Many in the industry say no two hospitals in an area the size of the Miss-Lou can successfully operate independently of one another.
Greenville’s Delta Regional Medical Center’s CEO Ray Humphreys said in 2005 there were two hospitals in Greenville.
Today there’s just one.
The public hospital, Delta Regional, bought the private hospital, King’s Daughters, Humphreys said.
Before the buy-out the two hospitals were competing against each other and neither was profiting.
Humphreys said the purchase of King’s Daughters, saved both facilities and 1,200 jobs.
No employees from either hospital were laid off in the process Humphries said.
NRMC’s chief of staff Dr. Ed Daly said at a recent meeting of several of the hospital’s physicians most doctors agreed Natchez must come to be a one-hospital town.
“It’s the best thing for Adams County,” he said.
But just how that conversion would take place is unknown.
Humphreys said in many instances when two hospitals join, both institutions recognize mutual benefits in the conversion.
Representatives from St. Dominic — Jackson Memorial Hospital and Mississippi Baptist Medical Center said they either have no interest in the purchase of NRMC or were unaware of the hospital’s situation.

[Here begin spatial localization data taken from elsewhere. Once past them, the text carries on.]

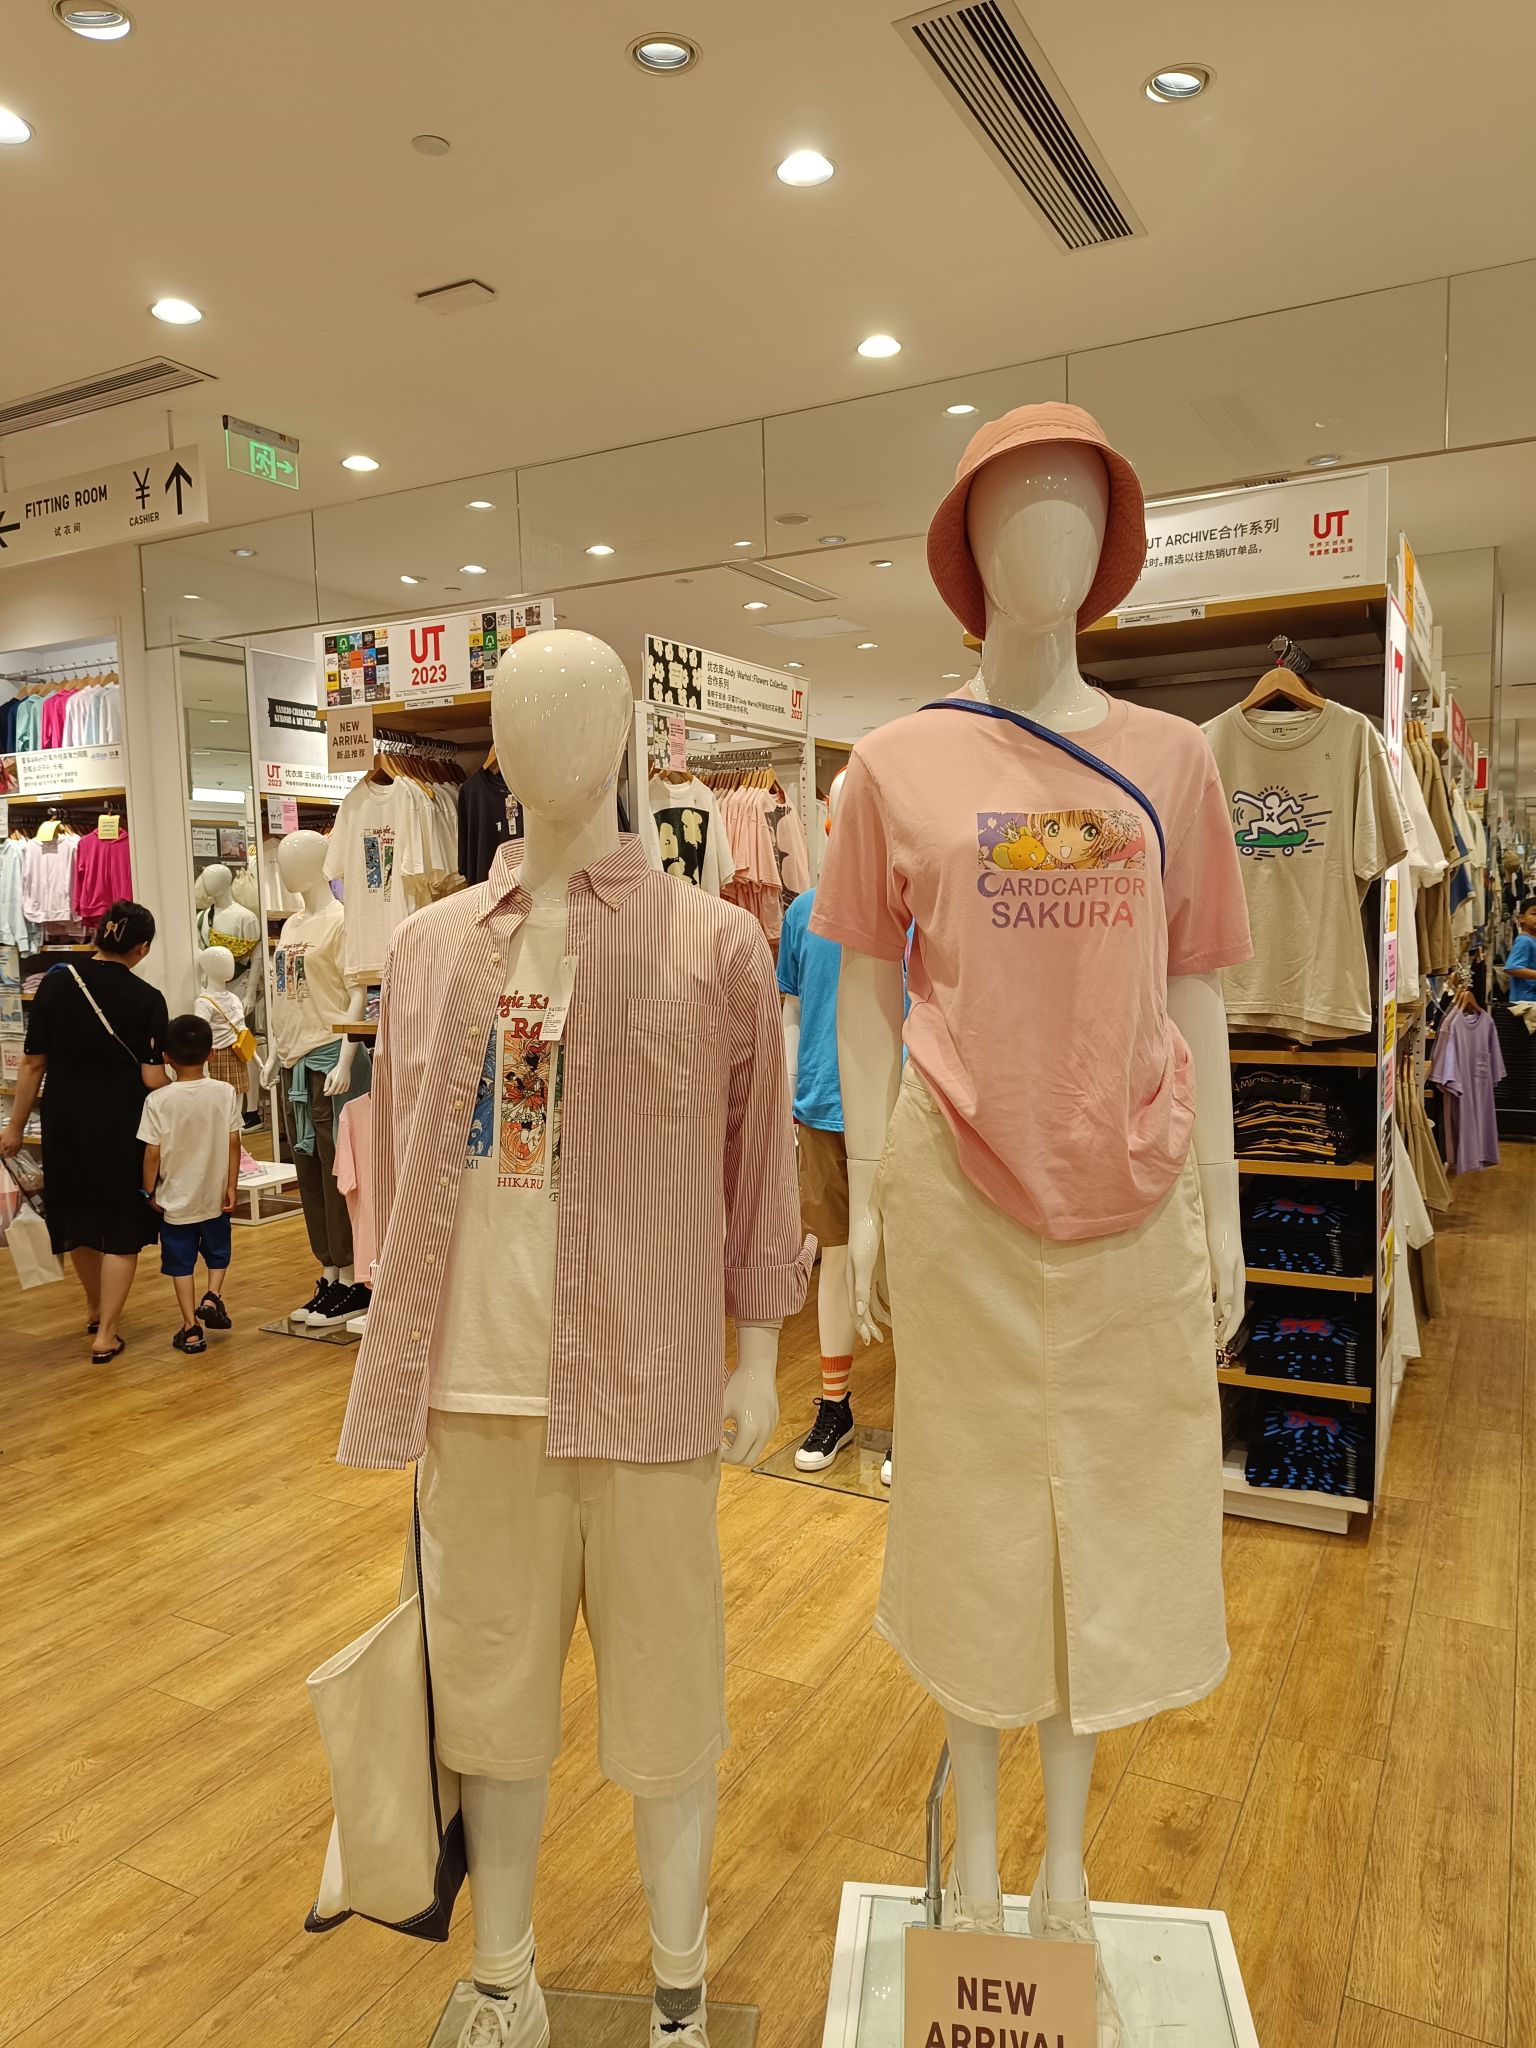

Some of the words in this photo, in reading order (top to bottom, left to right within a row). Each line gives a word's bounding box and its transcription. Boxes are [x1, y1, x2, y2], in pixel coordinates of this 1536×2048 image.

[25, 494, 70, 519] FITTING
[75, 484, 108, 508] ROOM
[129, 511, 160, 527] CASHIER
[1313, 509, 1350, 539] UT
[54, 522, 81, 537] 试衣间
[1146, 536, 1162, 550] UT
[1165, 517, 1280, 547] ARCHIVE合作系列
[409, 624, 447, 664] UT
[411, 664, 447, 686] 2023
[791, 689, 804, 710] UT
[791, 709, 803, 721] 2023
[340, 720, 360, 733] NEW
[332, 734, 370, 747] ARRIVAL
[336, 748, 366, 760] 新品推荐
[266, 764, 281, 779] UT
[268, 778, 282, 787] 2023
[976, 872, 1146, 898] CARDCAPTOR
[991, 900, 1134, 928] SAKURA
[497, 1176, 544, 1190] HIKARU
[957, 1975, 1037, 2017] NEW

Representatives from Health Management Associates, the company that owns Natchez Community Hospital, could not be reached for comment.
Foster said conversion to a non-profit entity can often be beneficial to a hospital.

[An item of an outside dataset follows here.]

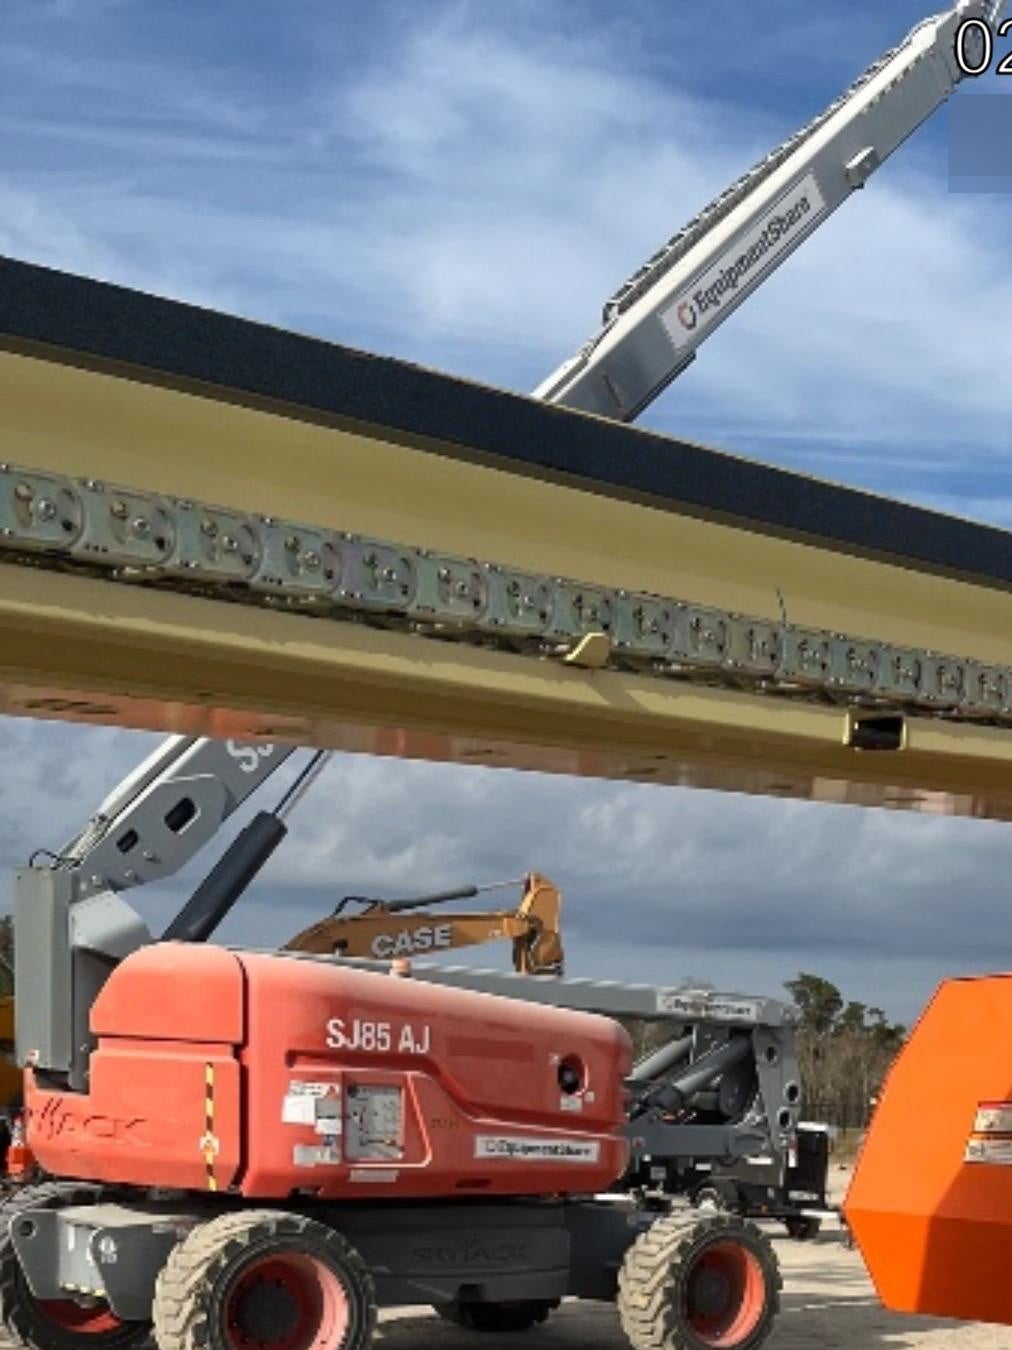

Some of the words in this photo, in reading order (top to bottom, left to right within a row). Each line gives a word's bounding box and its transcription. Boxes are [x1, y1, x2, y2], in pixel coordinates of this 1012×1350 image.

Of non-profits in the state Foster said Tupelo-based North Mississippi Health Services is one of the best run.
North Mississippi’s CEO John Heer said NRMC’s conversion to a non-profit entity could also benefit the hospital.
Heer said that would allow the hospital’s profits to be recycled back into the hospital for continued growth.
Heer also said hospitals, like NRMC, can often expand specialty services when they have financial difficulties.
A long-term acute care hospital is one such specialty service that NRMC is currently considering.
Foster said hospital’s can use LTACHs, with traditionally higher federal reimbursement rates, to ease loss in areas like uncompensated care.
However Natchez Community Hospital is currently trying to discourage NRMC’s LTACH construction.
Community argues that the LTACH needs of the area are already being met by Promise Specialty Hospital in Ferriday.
On Friday afternoon representatives from NCH and NRMC presented final arguments before a hearing officer in Jackson.
State Health Officer Dr. Ed Thompson will ultimately decide on the future of NRMC’s LTACH.
His ruling is expected within 90 days.
Filing for bankruptcy
NRMC officials are also exploring Chapter 9 bankruptcy as a solution to the hospital’s immediate needs.
The Mississippi Hospital Association’s director of rural health issues Mendal Kemp said bankruptcy would simply put the hospital’s creditors at bay, but only temporarily.
Kemp said before entering bankruptcy the hospital must submit a plan to the courts that outlines their exit from bankruptcy strategy.
“It just puts everything on hold,” he said.
On Friday afternoon Brown said the hospital’s trustees had still not reached a final decision for the hospital’s future.
“They’re still weighing their options,” he said.
Approximately one week ago Brown recommended the board reach a decision in 30 days.
But no matter what choice to which the board arrives the healthcare landscape of Natchez may soon change forever.